Kehadiran Sherina dikonfirmasi langsung sama Kasat Reskrim Polres Metro Jakarta Timur, AKBP Dicky Fertoffan. Tapi, doi nggak sendirian lho! Sherina datang bareng satu saksi lainnya. “Betul hadir. Sama satu saksi juga ya berdua,” kata Dicky pas dihubungi, Jumat (12/9) kemarin.
Eits, tapi ada yang kurang nih! Ternyata Sherina nggak membawa si kucing yang sebelumnya disebut-sebut milik Uya Kuya itu. Polisi bilang, agenda kali ini emang baru sebatas ambil keterangan dan ngobrol-ngobrol aja. “Belum, kita ambil keterangan dulu,” tambah Dicky.
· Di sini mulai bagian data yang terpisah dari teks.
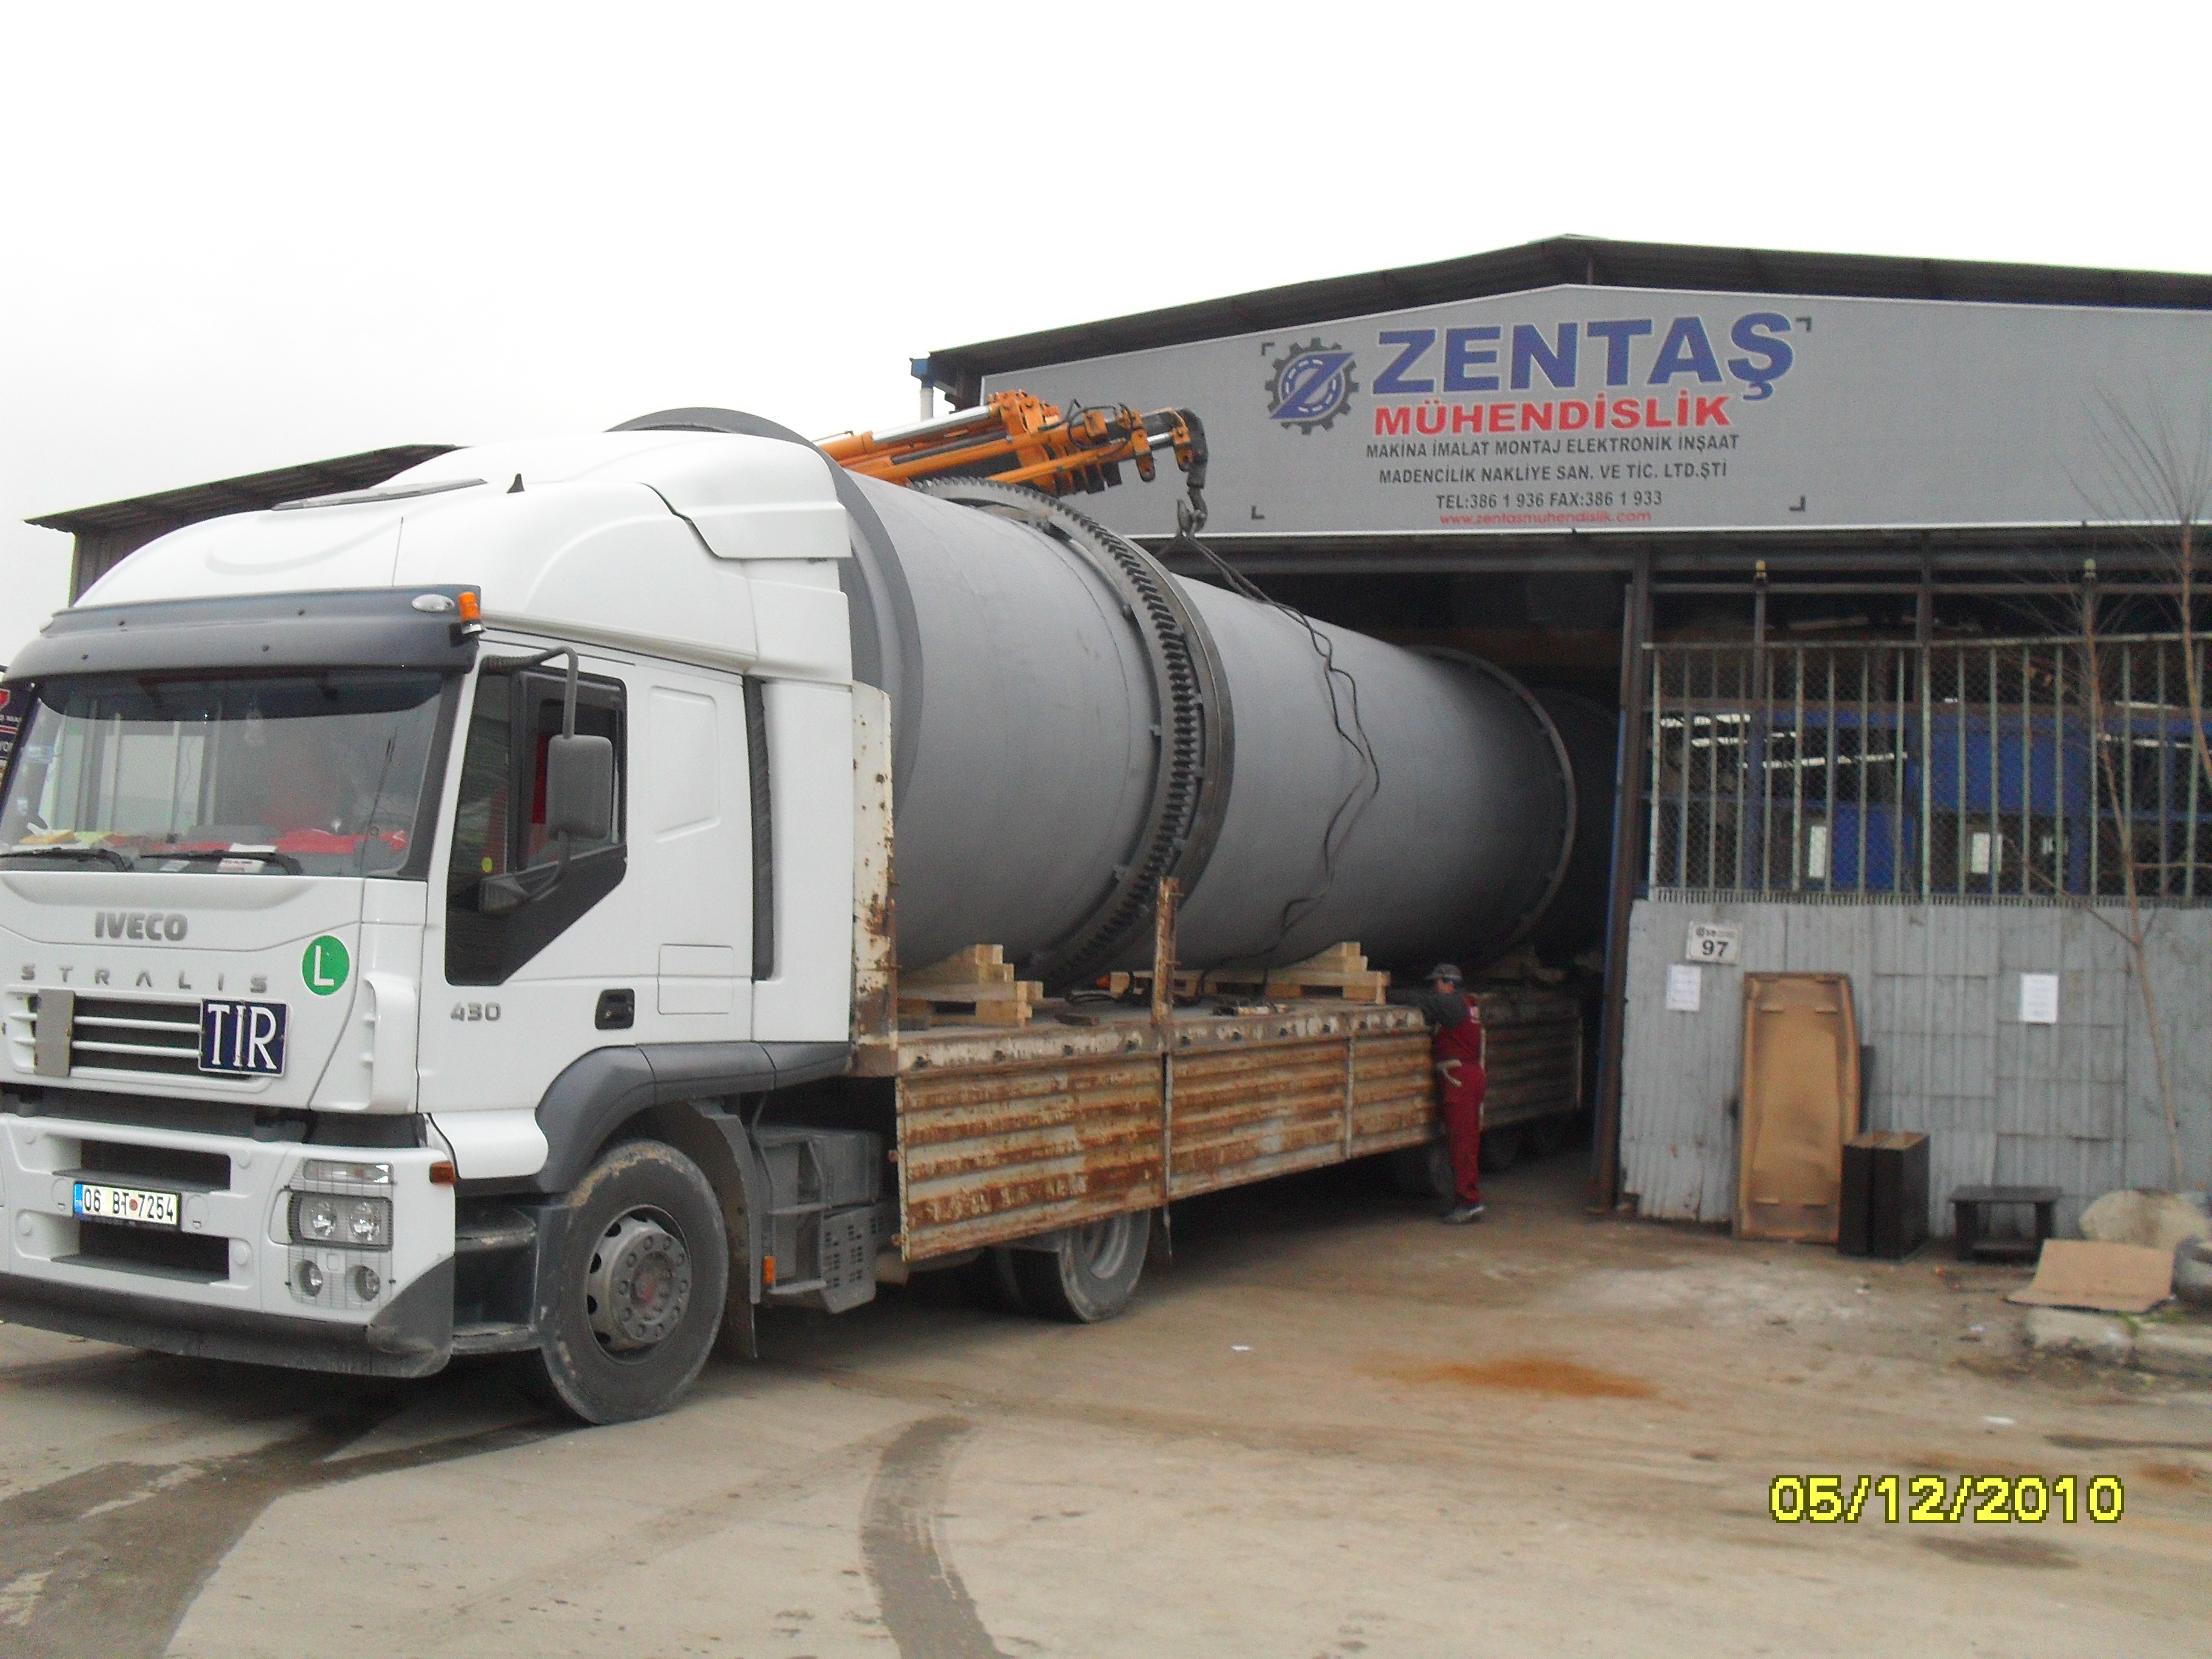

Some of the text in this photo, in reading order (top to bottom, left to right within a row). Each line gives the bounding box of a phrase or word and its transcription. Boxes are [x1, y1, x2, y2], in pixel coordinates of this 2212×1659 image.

[1372, 312, 1794, 401] ZENTAŞ
[1375, 389, 1731, 436] MÜHENDİSLİK
[1366, 432, 1739, 457] MAKİNA İMALAT MONTAJ ELEKTRONİK İNŞAAT
[1379, 465, 1475, 484] MADENCİLİK
[1481, 463, 1551, 481] NAKLİYE
[1557, 464, 1594, 480] SAN.
[1600, 464, 1620, 479] VE
[1626, 461, 1658, 478] TİC.
[1436, 490, 1662, 509] TEL:386 1 936 FAX:386 1 933
[95, 911, 187, 941] IVECO
[1702, 940, 1729, 956] 97
[21, 964, 268, 993] STRALIS
[314, 945, 335, 986] L
[451, 1002, 501, 1022] 430
[207, 1004, 278, 1070] TIR
[84, 1187, 101, 1212] 06
[138, 1193, 174, 1221] 7254
Jadi, si anabul belum bisa ikut investigasi langsung!
FYI nih, sebelumnya Sherina sempat mangkir dua kali dari jadwal panggilan pemeriksaan. Pertama pada Senin (8/9) karena berhalangan, lalu Selasa (9/9) juga batal datang. Makanya, kehadiran Sherina ini dianggap penting banget! Gimana enggak, dia disebut-sebut memegang ‘barang bukti‘ krusial berupa si kucing hasil insiden penjarahan di rumah Uya Kuya.
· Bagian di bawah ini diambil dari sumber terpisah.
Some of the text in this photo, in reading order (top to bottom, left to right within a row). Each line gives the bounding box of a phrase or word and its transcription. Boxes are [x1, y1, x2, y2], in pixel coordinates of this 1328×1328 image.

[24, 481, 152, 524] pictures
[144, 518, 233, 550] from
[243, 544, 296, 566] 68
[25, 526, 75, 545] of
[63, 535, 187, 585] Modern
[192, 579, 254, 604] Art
Kisah ini bermula dari unggahan Sherina Munaf di Instagram yang bikin heboh, di mana ia nyelametin seekor kucing dari rumah Uya Kuya setelah insiden penjarahan yang terjadi Sabtu (30/8) malam. Kondisi si anabul yang dia temukan itu bener-bener bikin hati terenyuh. “Kondisi: sangat kurus, tulang-tulangnya berasa banget kalau lagi di pet badannya,” tulis Sherina. Doi juga ngasih wejangan penting buat para pet owners: “Untuk para pet owners, please sebisa mungkin adopt don’t shop, steril kucingnya, kalau tak mampu rawat tak usah pelihara.”
Pentingnya keterangan Sherina ini juga udah ditegaskan sama Kapolres Metro Jakarta Timur Kombes Alfian Nurrizal. “Kenapa kami meminta klarifikasi ke yang bersangkutan? Karena kucing tersebut termasuk barang bukti. Kucing itu termasuk hasil penjarahan atau tidak, itu yang kami cari tahu,” jelas Kombes Alfian Nurrizal. Jadi, semua mata tertuju pada si kucing untuk mengungkap kebenaran di balik insiden penjarahan itu!